Associations of gene polymorphisms in interferon‐alpha signature‐related genes with autoimmune thyroid diseases

Interferon (IFN)-alpha treatment predisposes patients to the occurrence of autoimmune thyroid disease (AITD). METHODS: We investigated associations of single nucleotide polymorphisms (SNPs) of molecules participating in the IFN-alpha signature, including rs2304204 and rs2304206 of IFN regulatory factor 3 (IRF3), rs1061501 of IRF7, and rs7708392 of TNFA1P3-interacting protein 1 with serum IFN-alpha levels and AITD in an ethnic Chinese (ie Taiwanese) population.

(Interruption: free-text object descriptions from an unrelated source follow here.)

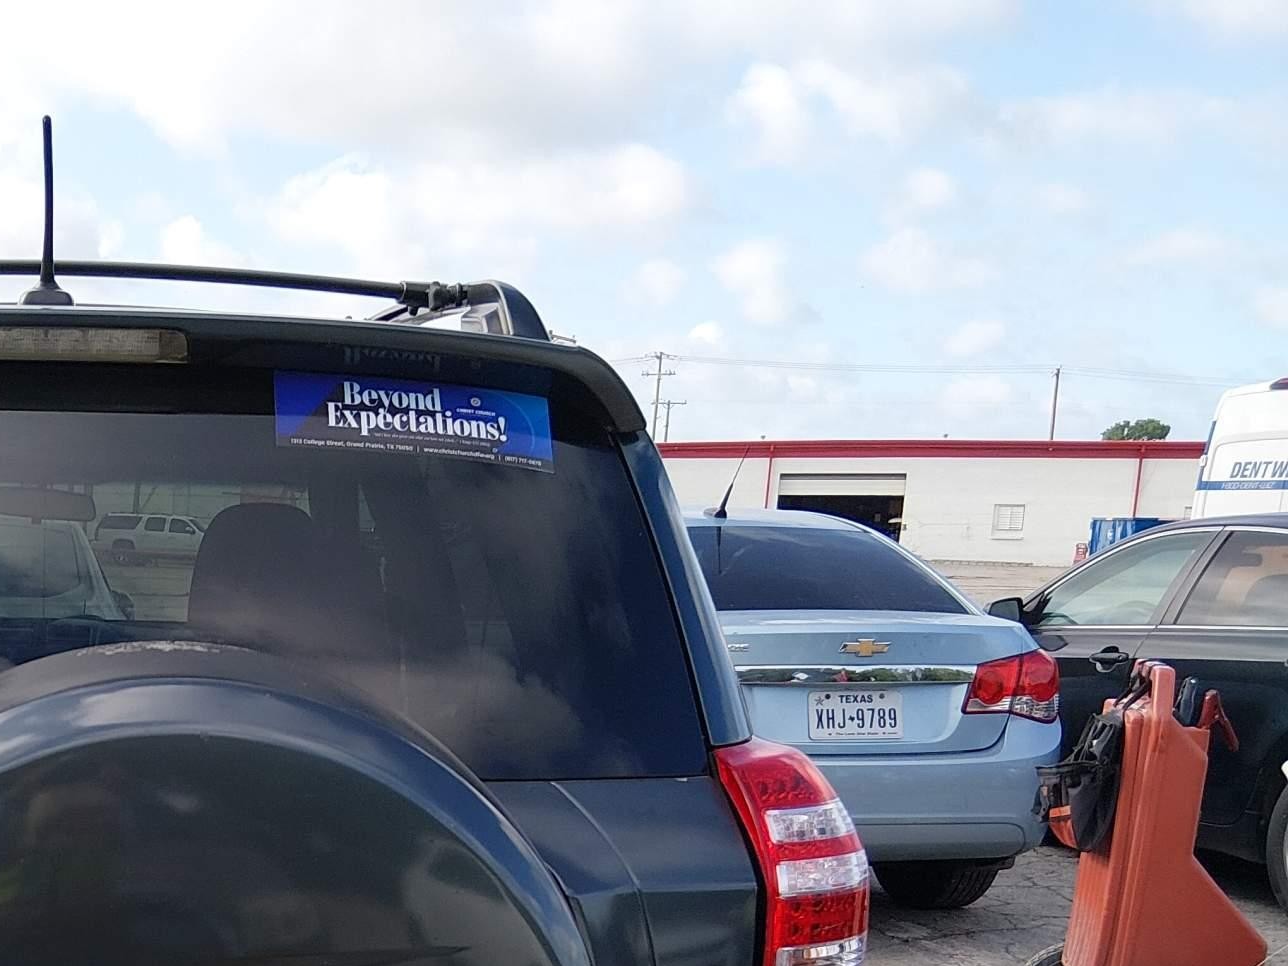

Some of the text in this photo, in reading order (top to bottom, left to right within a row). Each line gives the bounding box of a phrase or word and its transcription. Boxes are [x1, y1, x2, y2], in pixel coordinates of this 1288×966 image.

[343, 381, 442, 414] Beyond
[326, 401, 508, 442] Expectations!
[838, 694, 873, 704] TEXAS
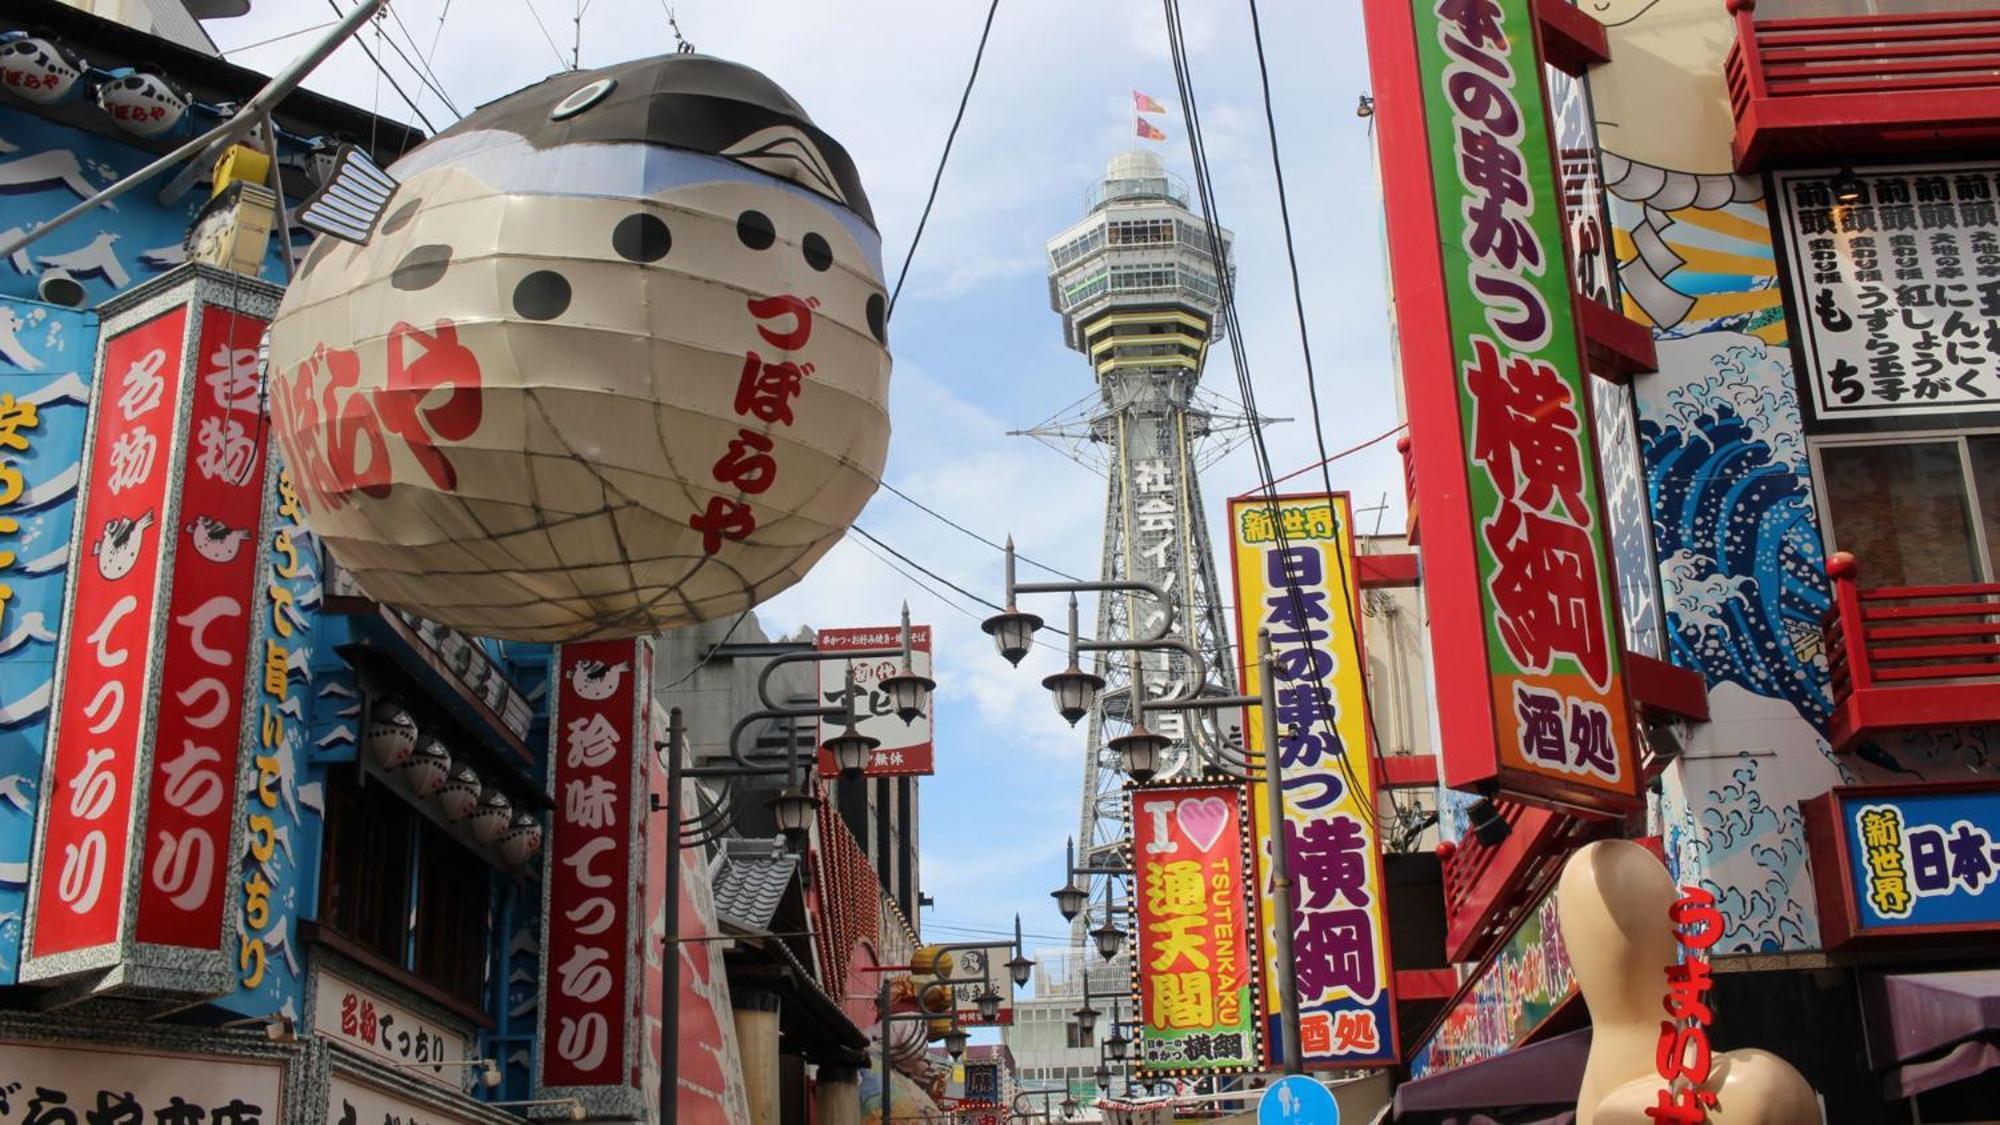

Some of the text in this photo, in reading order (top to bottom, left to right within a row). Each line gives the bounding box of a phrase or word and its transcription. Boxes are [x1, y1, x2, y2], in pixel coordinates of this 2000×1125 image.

[1815, 288, 1865, 404] もち
[1857, 286, 1910, 401] うずら玉子
[1893, 284, 1953, 400] 紅しょうが
[1934, 284, 1987, 398] にんにく
[691, 293, 822, 556] づぼらや
[1241, 506, 1338, 543] 新世界
[1464, 339, 1611, 690] 横綱
[58, 595, 137, 914] てっちり
[153, 596, 241, 911] てっちり
[1519, 692, 1617, 776] 酒処
[1143, 800, 1179, 854] I
[1860, 808, 1912, 914] 新世界
[557, 713, 621, 1072] 珍味てっちり
[1146, 859, 1214, 1030] 通天閣
[1211, 856, 1241, 1026] TSUTENKAKU
[341, 993, 444, 1072] 名物てっちり
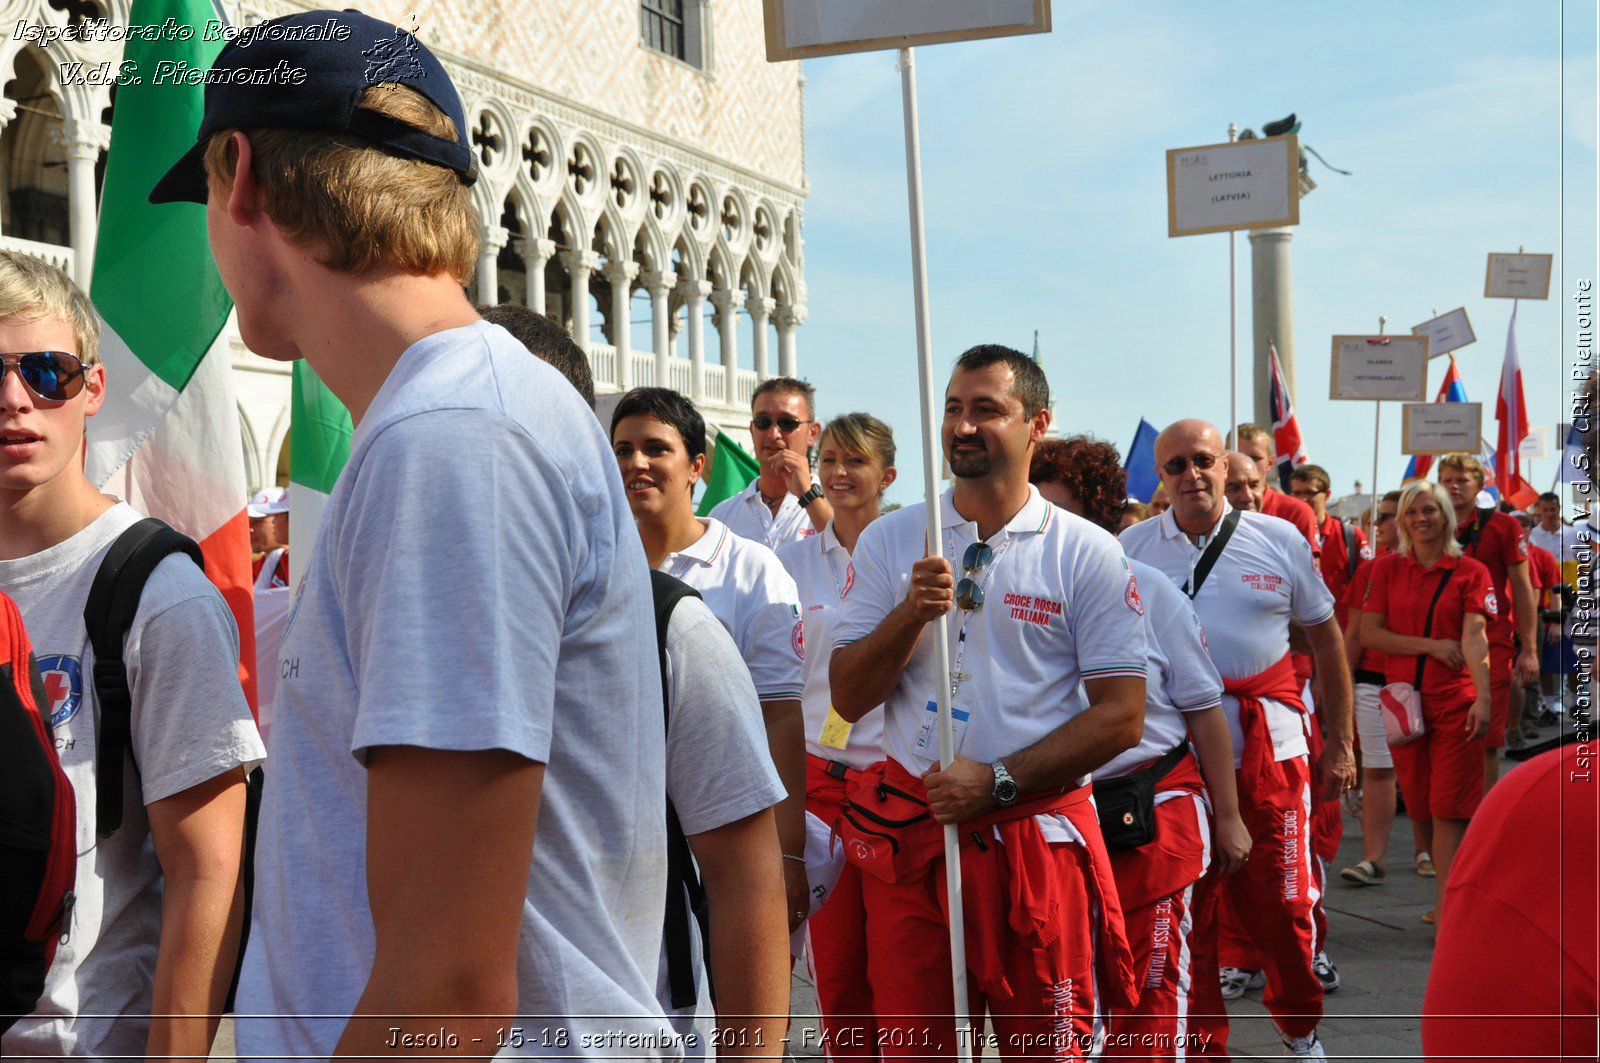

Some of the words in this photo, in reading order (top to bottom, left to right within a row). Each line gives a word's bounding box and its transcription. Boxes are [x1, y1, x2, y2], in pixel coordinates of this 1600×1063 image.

[1208, 170, 1252, 182] LETTONIA
[1211, 191, 1251, 204] (LATVIA)
[1242, 574, 1262, 583] CROCE
[1003, 593, 1031, 608] CROCE
[1034, 597, 1062, 615] ROSSA
[1010, 607, 1050, 626] ITALIANA
[1284, 810, 1298, 836] CROCE
[1284, 838, 1298, 865] ROSSA
[1284, 867, 1298, 900] ITALIANA
[1153, 917, 1171, 949] ROSSA
[1146, 951, 1167, 988] ITALIANA
[1053, 978, 1073, 1016] CROCE

Totally, 319 patients with Graves' disease (GD), 83 patients with Hashimoto's thyroiditis (HT) and 351 healthy controls were recruited. RESULTS: There were increased percentages of the C allele, and CC and TC + CC genotypes of rs1061501 in GD patients compared to the controls. HT patients had higher serum IFN-alpha levels compared to the controls, while there was no difference in serum IFN-alpha levels between patients with GD and controls. However, patients with GD in a remission status had lower serum IFN-alpha levels than those without remission. On the other hand, the C allele of rs1061501 was only associated with serum IFN-alpha levels in patients with HT. CONCLUSIONS: The SNP rs1061501 of IRF7 was associated with the development of GD. Serum IFN-alpha levels were associated with HT, while they might modify the disease status of GD. Moreover, a genetic effect of rs1061501 on regulating serum IFN-alpha production was observed in HT.